(Given information)

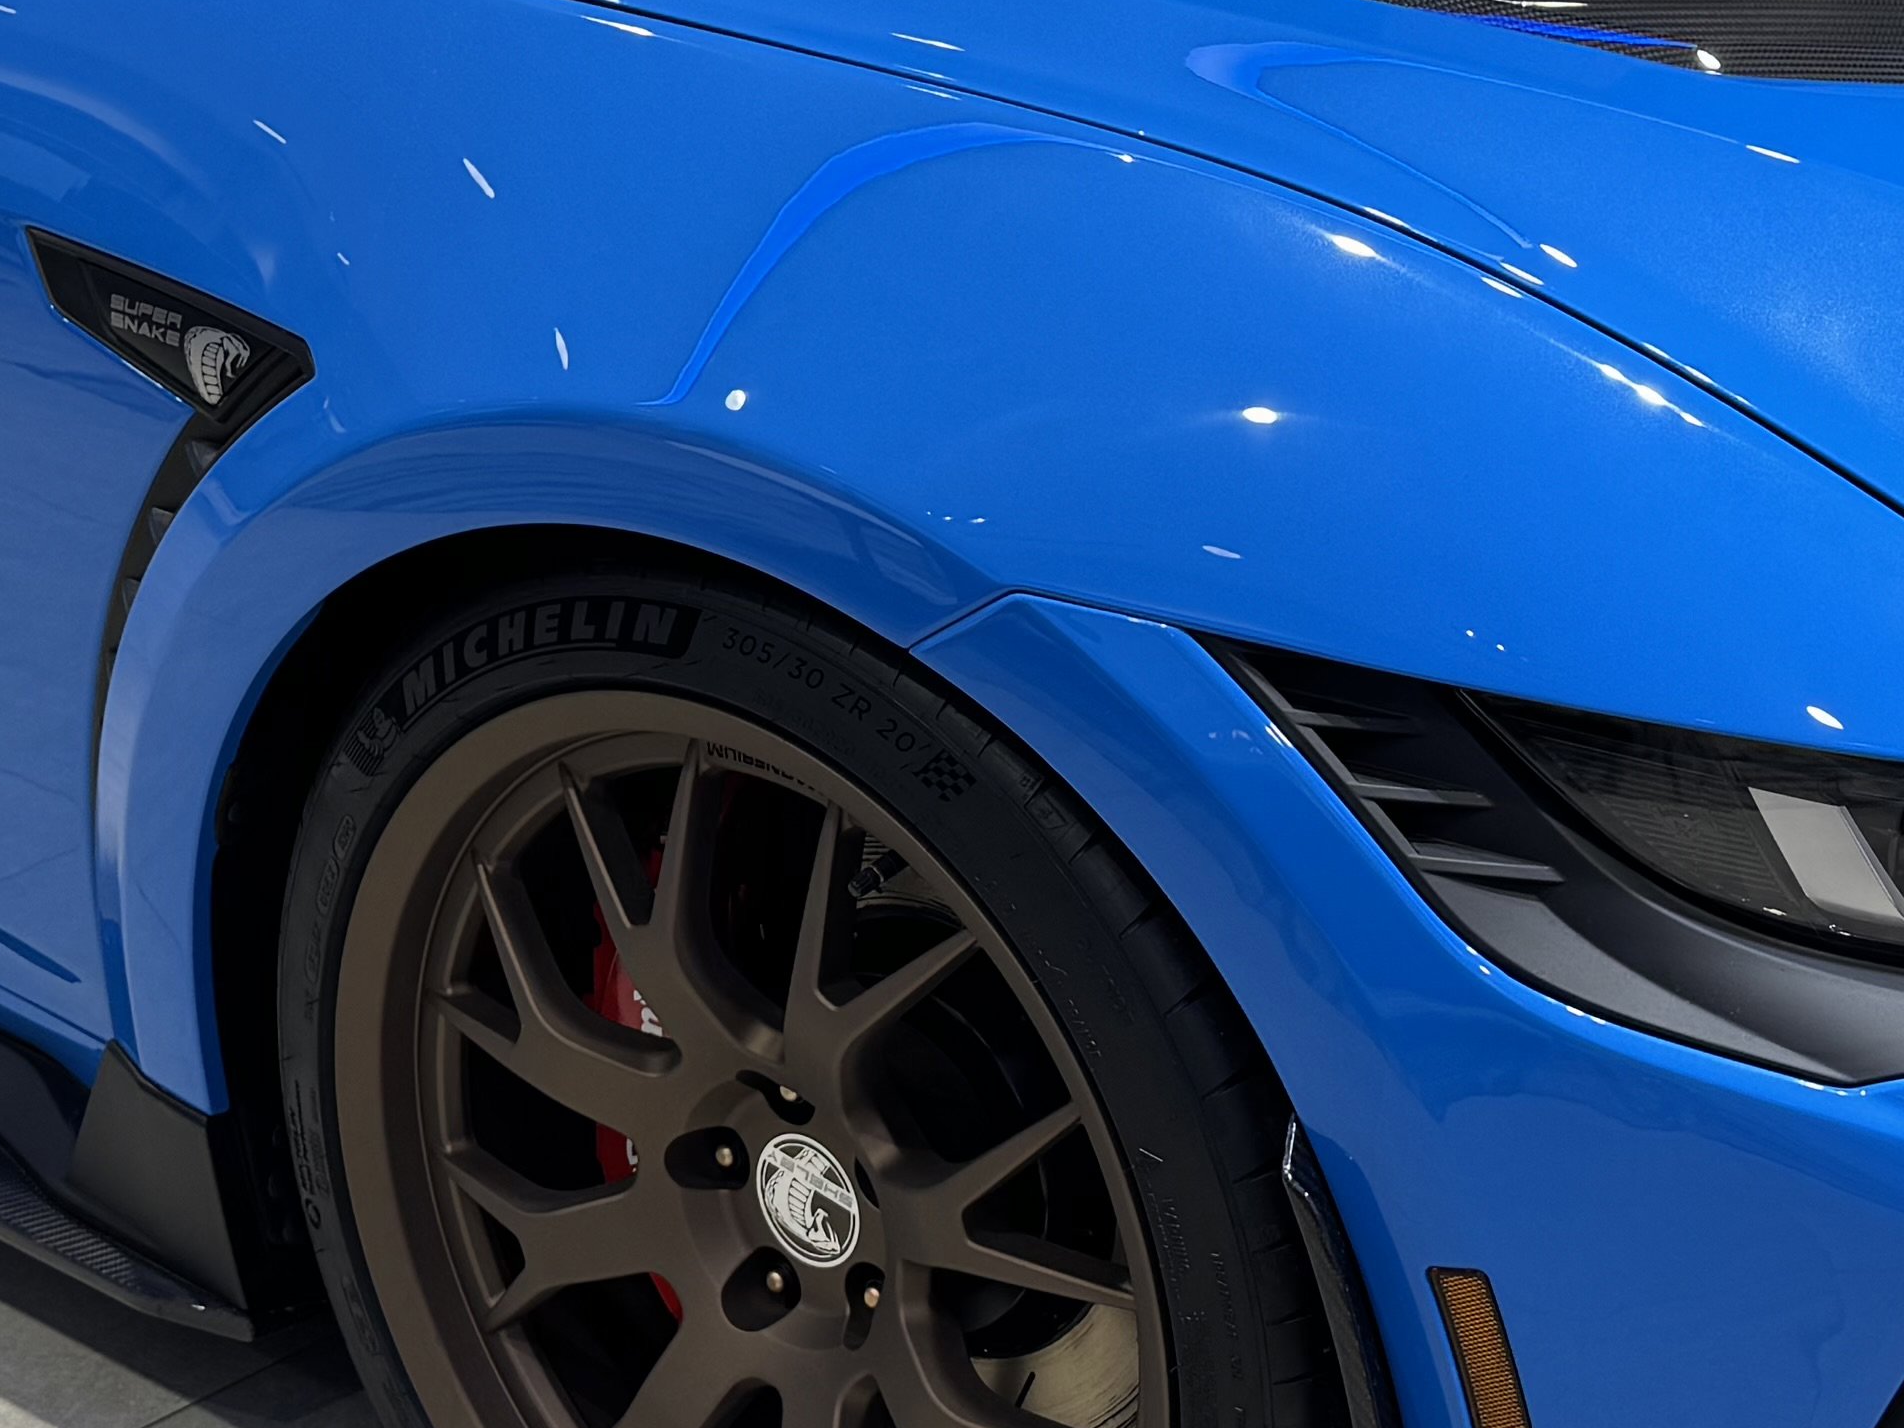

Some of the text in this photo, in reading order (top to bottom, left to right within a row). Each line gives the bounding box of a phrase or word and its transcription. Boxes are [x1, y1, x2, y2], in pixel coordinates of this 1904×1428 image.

[110, 293, 183, 329] SUPER
[110, 310, 181, 347] SNAKE
[402, 600, 678, 717] MICHELIN
[722, 627, 825, 689] 305/30
[831, 683, 872, 721] ZR
[876, 719, 916, 753] 20
[767, 1150, 853, 1209] SHELBY
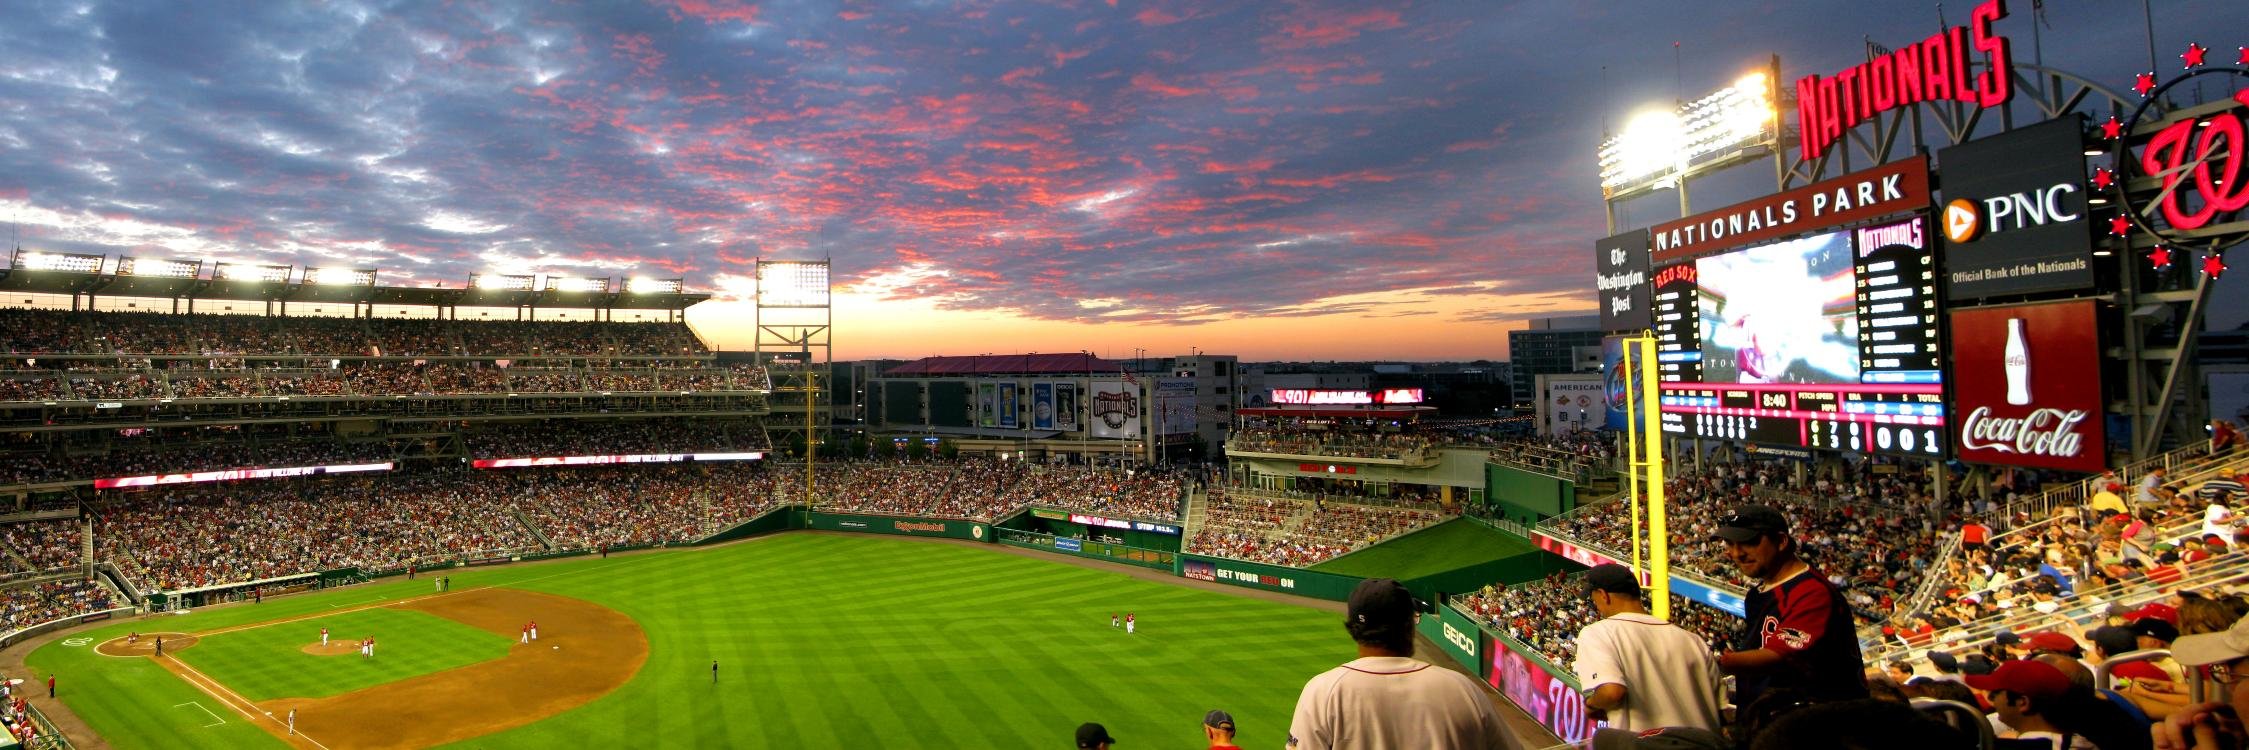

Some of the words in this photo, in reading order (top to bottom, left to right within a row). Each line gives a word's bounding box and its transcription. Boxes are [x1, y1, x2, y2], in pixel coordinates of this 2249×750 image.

[1796, 0, 2014, 160] NATIONALS
[1656, 200, 1796, 251] NATIONALS
[1813, 173, 1901, 217] PARK
[1984, 183, 2077, 233] PNC
[1858, 218, 1923, 258] NATIONALS
[1611, 248, 1626, 266] The
[1598, 270, 1643, 291] Washington
[1656, 267, 1675, 289] RED
[1676, 265, 1697, 283] SOX
[1953, 269, 1983, 283] Official
[1985, 267, 2008, 280] Bank
[2010, 265, 2019, 277] of
[2020, 264, 2036, 275] the
[2037, 258, 2086, 273] Nationals
[1612, 296, 1630, 317] Post
[1093, 398, 1137, 417] NATIONALS
[1763, 394, 1787, 407] 8:40
[1918, 394, 1941, 402] TOTAL
[1811, 420, 1819, 433] 6
[1829, 421, 1838, 434] 7
[1962, 406, 2091, 457] Coca-Cola
[1812, 434, 1820, 446] 1
[1830, 434, 1839, 448] 3
[1877, 427, 1891, 449] 0
[1899, 428, 1914, 451] 0
[1924, 430, 1939, 453] 1
[1185, 571, 1215, 582] NATSTOWN
[1217, 568, 1233, 579] GET
[1235, 571, 1259, 583] YOUR
[1280, 578, 1295, 588] ON
[1443, 622, 1475, 657] GEICO
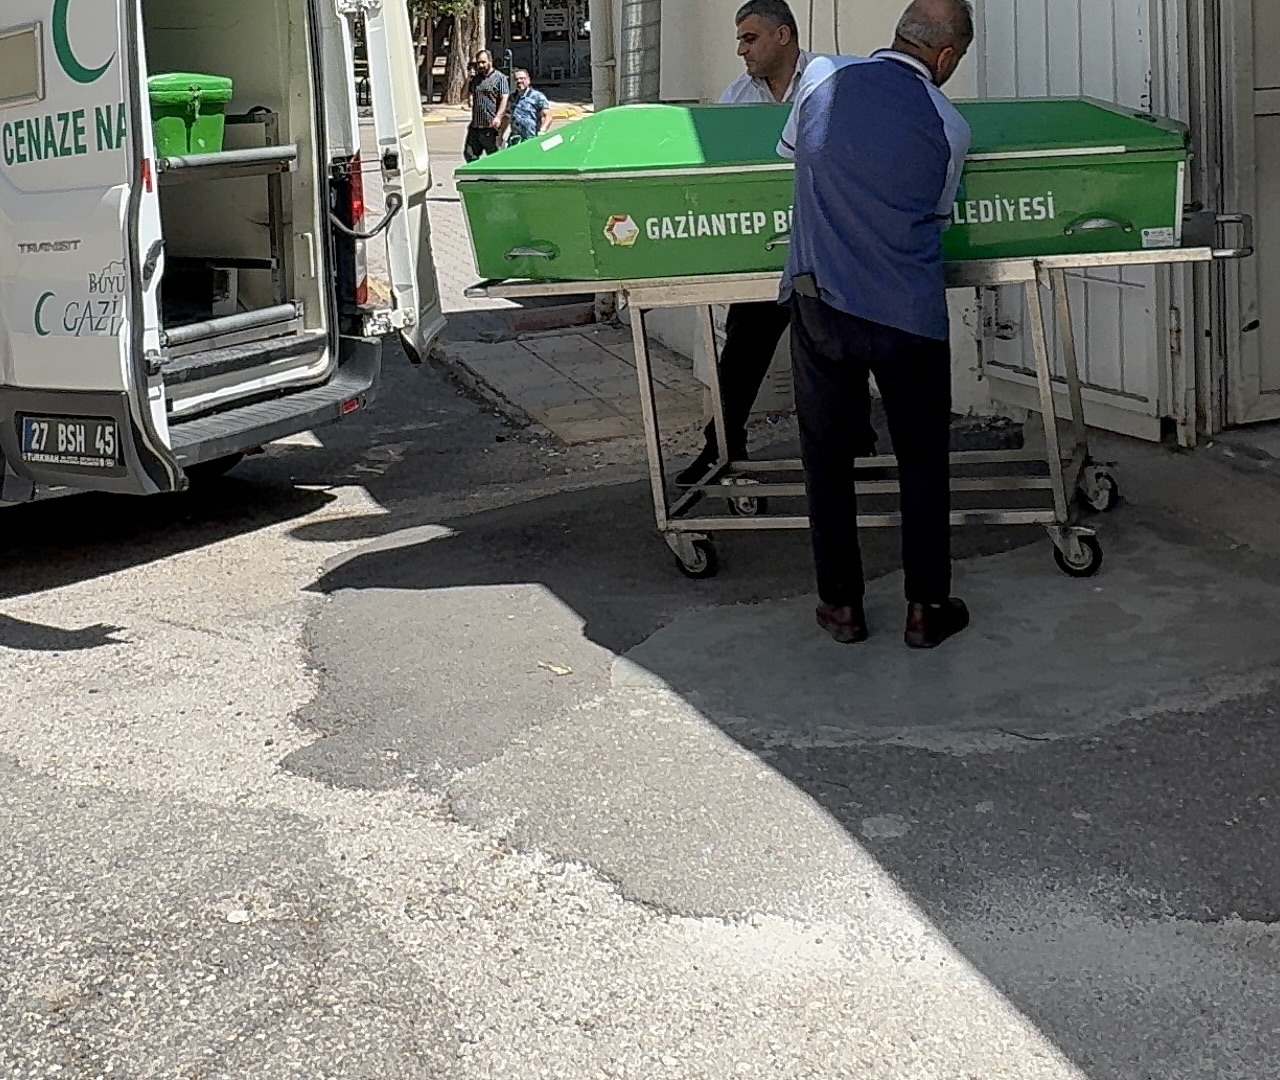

(End Given information)

Write out each entry word for word, images excluded.

Some of the text in this photo, in reading order (top to bottom, left to right within a row). Each line gives the bounding box of a phrase or word and its transcription. Boxes are [x1, y1, x2, y2], in pixel coordinates of this 1904×1428 image.

[110, 293, 183, 329] SUPER
[110, 310, 181, 347] SNAKE
[402, 600, 678, 717] MICHELIN
[722, 627, 825, 689] 305/30
[831, 683, 872, 721] ZR
[876, 719, 916, 753] 20
[767, 1150, 853, 1209] SHELBY

Some of the words in this photo, in reading order (top to bottom, left to right within a row). Each line gives a word's bounding box and its transcription. Boxes are [x1, y1, x2, y2], in pixel coordinates of this 2249×750 image.

[1796, 0, 2014, 160] NATIONALS
[1656, 200, 1796, 251] NATIONALS
[1813, 173, 1901, 217] PARK
[1984, 183, 2077, 233] PNC
[1858, 218, 1923, 258] NATIONALS
[1611, 248, 1626, 266] The
[1598, 270, 1643, 291] Washington
[1656, 267, 1675, 289] RED
[1676, 265, 1697, 283] SOX
[1953, 269, 1983, 283] Official
[1985, 267, 2008, 280] Bank
[2010, 265, 2019, 277] of
[2020, 264, 2036, 275] the
[2037, 258, 2086, 273] Nationals
[1612, 296, 1630, 317] Post
[1093, 398, 1137, 417] NATIONALS
[1763, 394, 1787, 407] 8:40
[1918, 394, 1941, 402] TOTAL
[1811, 420, 1819, 433] 6
[1829, 421, 1838, 434] 7
[1962, 406, 2091, 457] Coca-Cola
[1812, 434, 1820, 446] 1
[1830, 434, 1839, 448] 3
[1877, 427, 1891, 449] 0
[1899, 428, 1914, 451] 0
[1924, 430, 1939, 453] 1
[1185, 571, 1215, 582] NATSTOWN
[1217, 568, 1233, 579] GET
[1235, 571, 1259, 583] YOUR
[1280, 578, 1295, 588] ON
[1443, 622, 1475, 657] GEICO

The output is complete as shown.